Written and Verbal Communication
One of the distinctions of a Liberty Classical Academy education is the priority we place on written and verbal communication. Our goal for our graduates is not just that they know the answers to questions or reasons for beliefs. We want our students to be able to articulate their answers and those reasons in ways that will earn authority with those who are listening.
A wise and true belief should be well-articulated both with a pen and a voice. Our students go through almost-constant training in this discipline. From speech meets and debates to performances and research papers, we want them to be able to first know what they are saying and to then communicate it to those who are listening.

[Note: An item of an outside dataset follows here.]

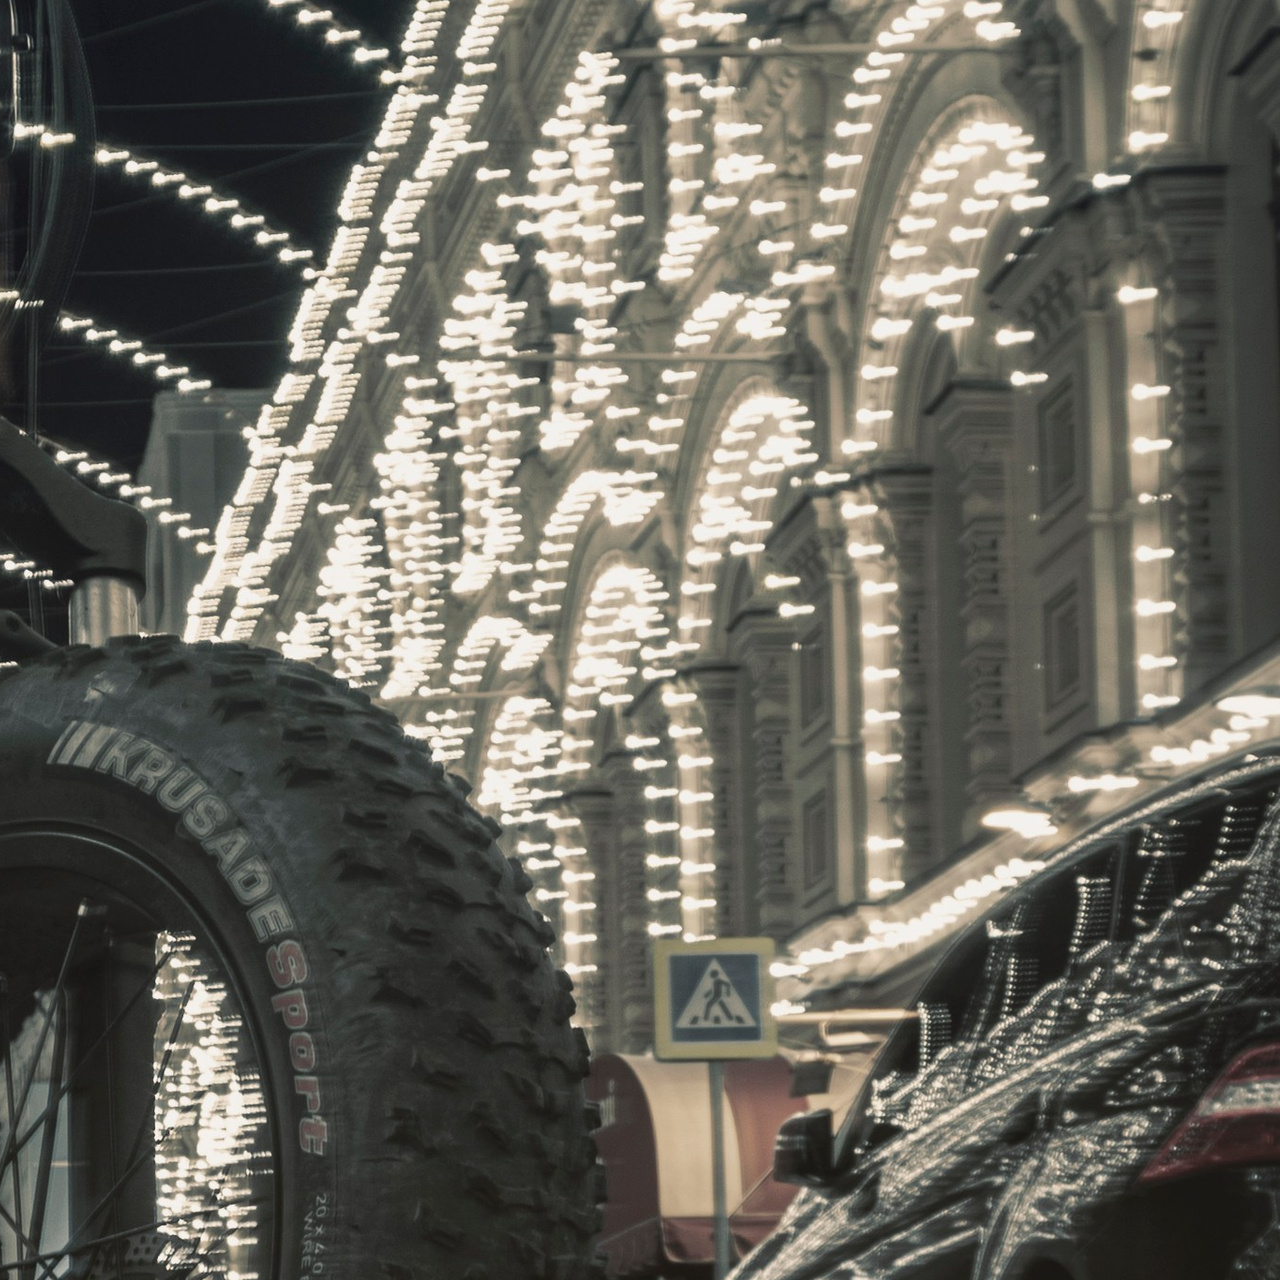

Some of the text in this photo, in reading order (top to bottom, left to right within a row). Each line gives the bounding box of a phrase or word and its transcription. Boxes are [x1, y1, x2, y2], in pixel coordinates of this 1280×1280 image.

[94, 730, 295, 944] KRUSADE
[315, 1192, 328, 1217] 20
[301, 1210, 314, 1269] WIRE
[312, 1242, 325, 1274] 4.0

The stages of the Trivium in a classical education align learning with a student’s natural progression of cognitive development. Far beyond being the place to write papers or make speeches, we want our classrooms to be the laboratory where our students learn to speak and write true and good things in wise and thoughtful ways.
The culmination of good training in communication is seen when one of our students is able to present Truth amidst the dizzying flurry of bad ideas that surround us. After all, having the Truth doesn’t matter much if no one has the ability to hear it. At Liberty Classical, our goal in making written and verbal communication a priority is that with their ability to communicate, our students then earn the authority that Truth deserves. When they articulate it well, with sound and reasonable ideas, the Truth they believe can be the Truth that’s received.
Written communication is core to our program. Beginning in 2nd grade, our students learn the parts of a sentence and how to form complete sentences. In 5th grade, they are writing 5 paragraph essays. By 6th grade, students complete their first, full research paper and it all culminates in 12th grade when students complete a 20-page written thesis on a controversial topic that they then publicly defend in front of a panel of judges and a large audience.
Additionally, elements of verbal communication begin as early as Kindergarten when students memorize short works like poems and perform them in front of an audience in our annual Speech Meet. It carries all the way through 5th grade when they present historical speeches and into the middle school years with passages that become lengthier and more complex, and have added emotion for dramatic effect. Students are also required to participate in drama throughout the program, which helps them build confidence and creativity by learning to play a character and using their voice in different ways for projection. In the classroom, especially as students reach the Rhetoric Stage in Upper School, discussions and debates are part of daily instruction. Together, the elements of verbal communication that have been intentionally incorporated into the curriculum help prepare the students exceptionally for life beyond the hallways at Liberty.
The Results: A Voice for the Future
The success of this distinction is measured over the course of decades as graduates move into spaces of influence across culture and industries, and it can be seen every day, even in the smallest of interactions. It’s seen in the way a student engages in a discussion with an adult, when a Lower School student presents a speech from Martin Luther King, Jr., or when a graduating senior defends his thesis. Eventually, it’s seen in a job interview or a business meeting. The most rewarding part? The thank you we have received from so many of our alumni that credit Liberty for the way this school has prepared them. The ability to write and speak seems to be a form of art we’re losing as our dependence on tech increases. What sets a Liberty Classical graduate apart is that our classroom, our curriculum, and our community are making it possible for them to find and use their voice. And the future belongs to those with a voice.